International Financial Reporting Standard (IFRS 17)

We specialise in implementing the International Financial Reporting Standard (IFRS 17) to comply with accounting requirements in accordance with International Accounting Standards Board (IASB).

MFRS 119

Objective

The objective of this Standard is to establish principles for the recognition, measurement, presentation and disclosure of insurance contracts within the scope of IFRS 17. The practices and processes for establishing contracts with customers vary across legal jurisdictions, industries and entities.

The Standard requires an entity to:

  1. Provide relevant information that faithfully represents the Insurance Contracts. This information gives a basis for users of financial statements to assess the effect that insurance contracts have on the entity’s financial position, financial performance and cash flows.

  2. Consider its substantive rights and obligations, whether they arise from a contract, law or regulation, when applying IFRS 17. A contract is an agreement between two or more parties that creates enforceable rights and obligations. Enforceability of the rights and obligations in a contract is a matter of law. Contracts can be written, oral or implied by an entity’s customary business practices.

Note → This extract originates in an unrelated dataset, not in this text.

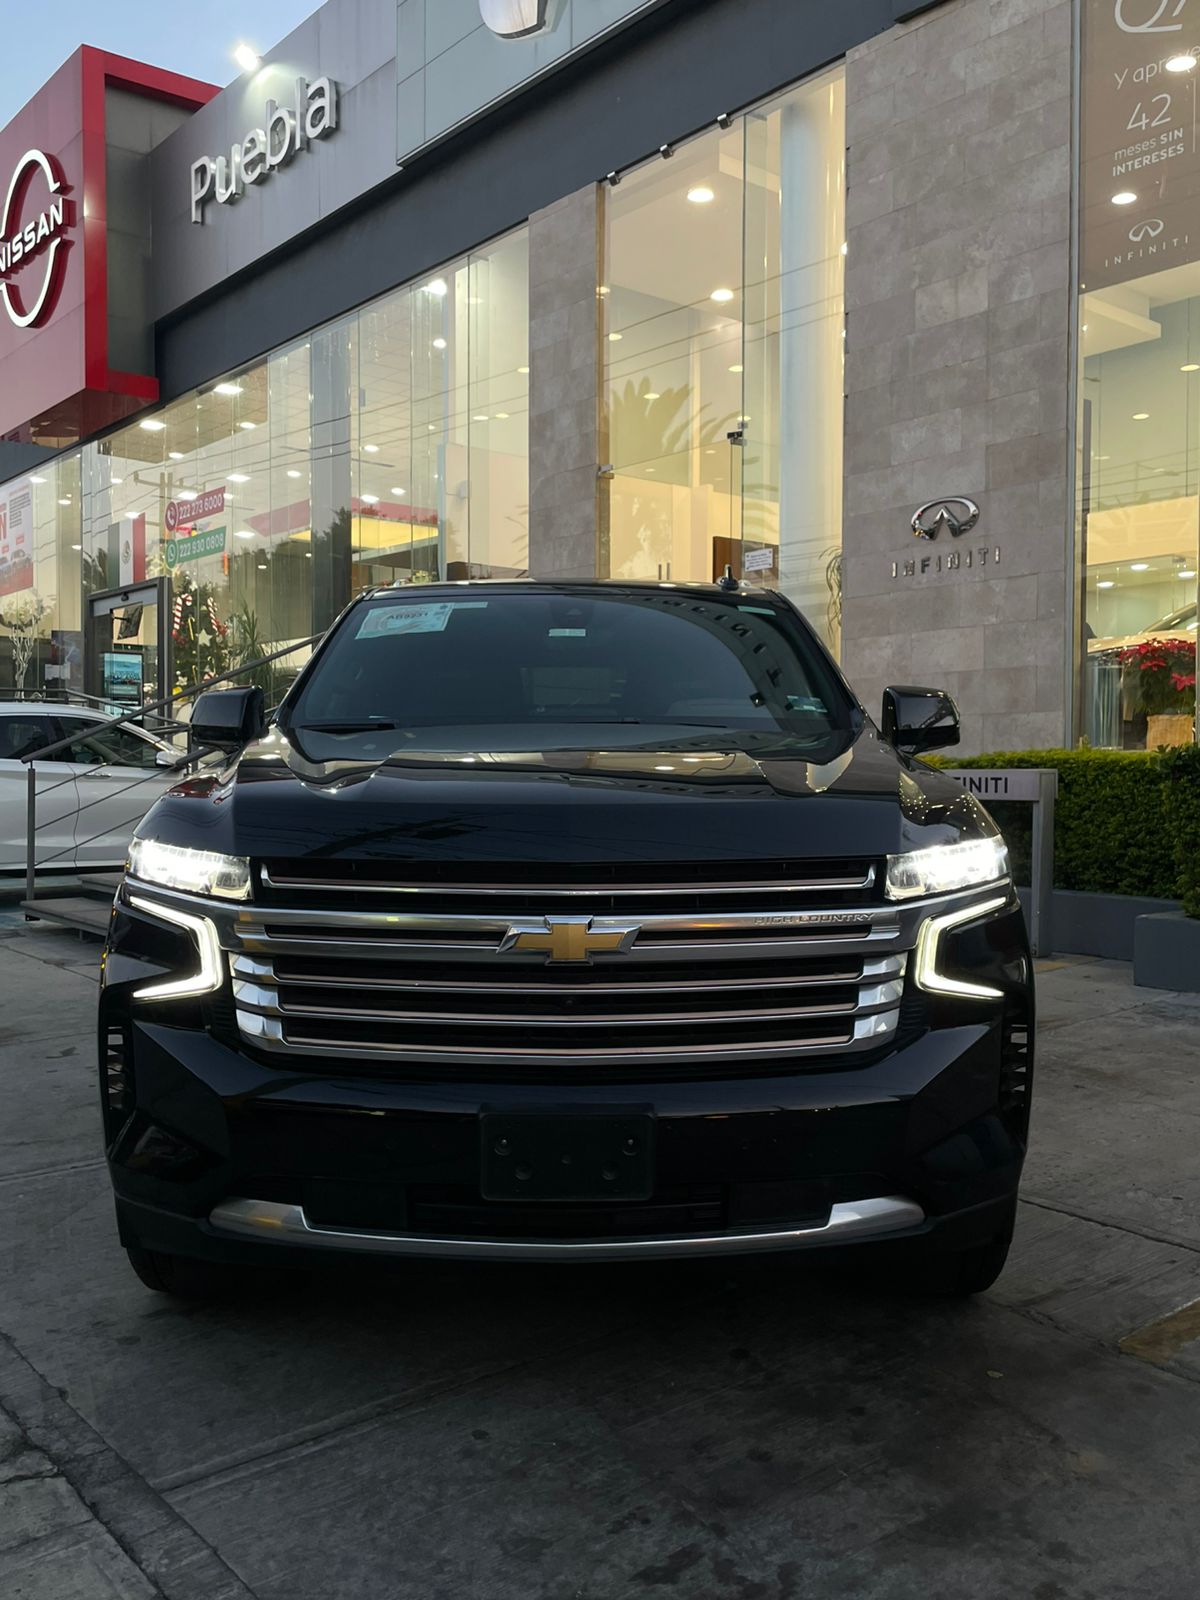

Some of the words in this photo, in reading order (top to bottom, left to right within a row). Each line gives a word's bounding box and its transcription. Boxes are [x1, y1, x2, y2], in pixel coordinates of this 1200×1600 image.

  3. Disregard terms that have no commercial substance as contractual terms include all terms in a contract, explicit or implied (eg no discernible effect on the economics of the contract). Implied terms in a contract include those imposed by law or regulation.

Scope

An entity shall apply IFRS 17 to:

  1. insurance contracts, including reinsurance contracts, it issues;

  2. reinsurance contracts it holds; and

  3. investment contracts with discretionary participation features it issues, provided the entity also issues insurance contracts; and

  4. insurance contracts acquired by the entity in a transfer of insurance contracts or a business combination other than reinsurance contracts held.

An entity shall not apply IFRS 17 to:

  1. warranties provided by a manufacturer, dealer or retailer in connection with the sale of its goods or services to a customer (see IFRS 15 Revenue from Contracts with Customers).

  2. employers’ assets and liabilities from employee benefit plans (see IAS 19 Employee Benefits and IFRS 2 Share-based Payment) and retirement benefit obligations reported by defined benefit retirement plans (see IAS 26 Accounting and Reporting by Retirement Benefit Plans).

  3. contractual rights or contractual obligations contingent on the future use of, or the right to use, a non-financial item (for example, some licence fees, royalties, variable and other contingent lease payments and similar items: see IFRS 15, IAS 38 Intangible Assets and IFRS 16 Leases).

  4. residual value guarantees provided by a manufacturer, dealer or retailer and a lessee’s residual value guarantees when they are embedded in a lease (see IFRS 15 and IFRS 16).

  5. financial guarantee contracts, unless the issuer has previously asserted explicitly that it regards such contracts as insurance contracts and has used accounting applicable to insurance contracts. The issuer shall choose to apply either IFRS 17 or IAS 32 Financial Instruments: Presentation, IFRS 7 Financial Instruments: Disclosures and IFRS 9 Financial Instruments to such financial guarantee contracts. The issuer may make that choice contract by contract, but the choice for each contract is irrevocable.

  6. contingent consideration payable or receivable in a business combination (see IFRS 3 Business Combinations).

  7. insurance contracts in which the entity is the policyholder, unless those contracts are reinsurance contracts held.

  8. credit card contracts, or similar contracts that provide credit or payment arrangements, that meet the definition of an insurance contract if, and only if, the entity does not reflect an assessment of the insurance risk associated with an individual customer in setting the price of the contract with that customer (see IFRS 9 and other applicable IFRS Standards). However, if, and only if, IFRS 9 requires an entity to separate an insurance coverage component that is embedded in such a contract, the entity shall apply IFRS 17 to that component.

 

Some contracts meet the definition of an insurance contract but have as their primary purpose the provision of services for a fixed fee. An entity may choose to apply IFRS 15 instead of IFRS 17 to such contracts that it issues if, and only if, specified conditions are met. The entity may make that choice contract by contract, but the choice for each contract is irrevocable. The conditions are:

  1. the entity does not reflect an assessment of the risk associated with an individual customer in setting the price of the contract with that customer;

  2. the contract compensates the customer by providing services, rather than by making cash payments to the customer; and

  3. the insurance risk transferred by the contract arises primarily from the customer’s use of services rather than from uncertainty over the cost of those services.

  4. Some contracts meet the definition of an insurance contract but limit the compensation for insured events to the amount otherwise required to settle the policyholder’s obligation created by the contract (for example, loans with death waivers). An entity shall choose to apply either IFRS 17 or IFRS 9 to such contracts that it issues unless such contracts are excluded from the scope of “An entity shall not apply IFRS 17 to”. The entity shall make that choice for each portfolio of insurance contracts, and the choice for each portfolio is irrevocable.